WAS THERE ANY EXPERT THAT TESTIFIED DURING THE PENALTY PHASE?

NO, THERE WAS NOT AN EXPERT THAT TESTIFIED DURING THE PENALTY PHASE BUT DR.^BLOCK-GARFIELD WHO TESTIFIED AT THE SPENCER HEARING BASICALLY SHE SAID THAT BLACKWOOD WAS DEPRESSED, SHE SAID THAT HE HAD AN IQ OF 70 BUT THEN SHE TOOK THE NUMBER BACK BECAUSE SHE SAID BECAUSE OF THE DEPRESSION SHE COULDN'T REALLY, IT WASN'T REALLY A VALID INDICATOR OF HIS IQ, BECAUSE HE WAS SO DEPRESSED AT THE TIME HE TOOK THE TEST. SHE ALSO FOUND THAT HE WAS A GOOD PARENT AND THAT HE WAS A GOOD EMPLOYEE. NOW, IF YOU LOOK AT THE FAMILY MEMBERS AND THE FRIENDS WHO TESTIFIED AT THE PENALTY PHASE, WHAT YOU FIND IS THAT WHAT DR.^GARFIELD TESTIFIED TO AT SPENCER WAS ESSENTIALLY CUMULATIVE. TO WHAT THE FAMILY MEMBERS SAID.

CHIEF JUSTICE: ARE YOU SAYING THERE WAS NO PREJUDICE?

YES, THAT THE TRIAL COURT ERRED ON THE PREJUDICE PRONG. WE ARE CENTERED ON THAT ARGUMENT BECAUSE, FOR EXAMPLE --.
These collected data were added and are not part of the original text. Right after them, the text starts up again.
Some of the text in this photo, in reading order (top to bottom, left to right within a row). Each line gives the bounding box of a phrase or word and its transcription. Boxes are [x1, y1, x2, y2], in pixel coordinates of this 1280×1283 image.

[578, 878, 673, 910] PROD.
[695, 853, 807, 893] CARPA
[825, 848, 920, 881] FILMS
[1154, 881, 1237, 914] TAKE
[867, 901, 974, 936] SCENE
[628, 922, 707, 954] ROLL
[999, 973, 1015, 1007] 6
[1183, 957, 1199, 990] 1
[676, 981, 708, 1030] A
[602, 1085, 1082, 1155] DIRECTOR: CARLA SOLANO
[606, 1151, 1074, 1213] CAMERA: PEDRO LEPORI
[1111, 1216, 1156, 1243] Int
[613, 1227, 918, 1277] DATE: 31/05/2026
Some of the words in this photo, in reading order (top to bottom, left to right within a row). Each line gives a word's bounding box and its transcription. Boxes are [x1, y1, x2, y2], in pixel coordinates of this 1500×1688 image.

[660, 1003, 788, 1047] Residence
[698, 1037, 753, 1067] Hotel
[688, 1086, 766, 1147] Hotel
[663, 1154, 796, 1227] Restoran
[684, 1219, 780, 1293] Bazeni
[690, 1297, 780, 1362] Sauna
BEFORE YOU GO FURTHER, THIS IS A CASE WHERE THERE WAS ONLY ONE AGGRAVATOR FOUND, HAP, CORRECT?

RIGHT.

AND WHAT MITIGATORS WERE FOUND?

THE STATUTORY MITIGATOR OF NO SIGNIFICANT PRIOR CRIMINAL HISTORY AND THEN AS A NONSTATUTORY MITIGATOR, MENTAL AND EMOTIONAL DISTURBANCE AS WELL AS APPROXIMATELY SEVEN OTHERS, GOOD PARENT, GOOD FATHER, THE FACT THAT THE MURDER RESULTED FROM A LOVER'S QUARREL THAT HE HAD THE CAPACITY FOR REHABILITATION, AND HE HAD GOOD CONDUCT IN JAIL AND HAD COOPERATED WITH THE POLICE. DEPRIVED CHILDHOOD.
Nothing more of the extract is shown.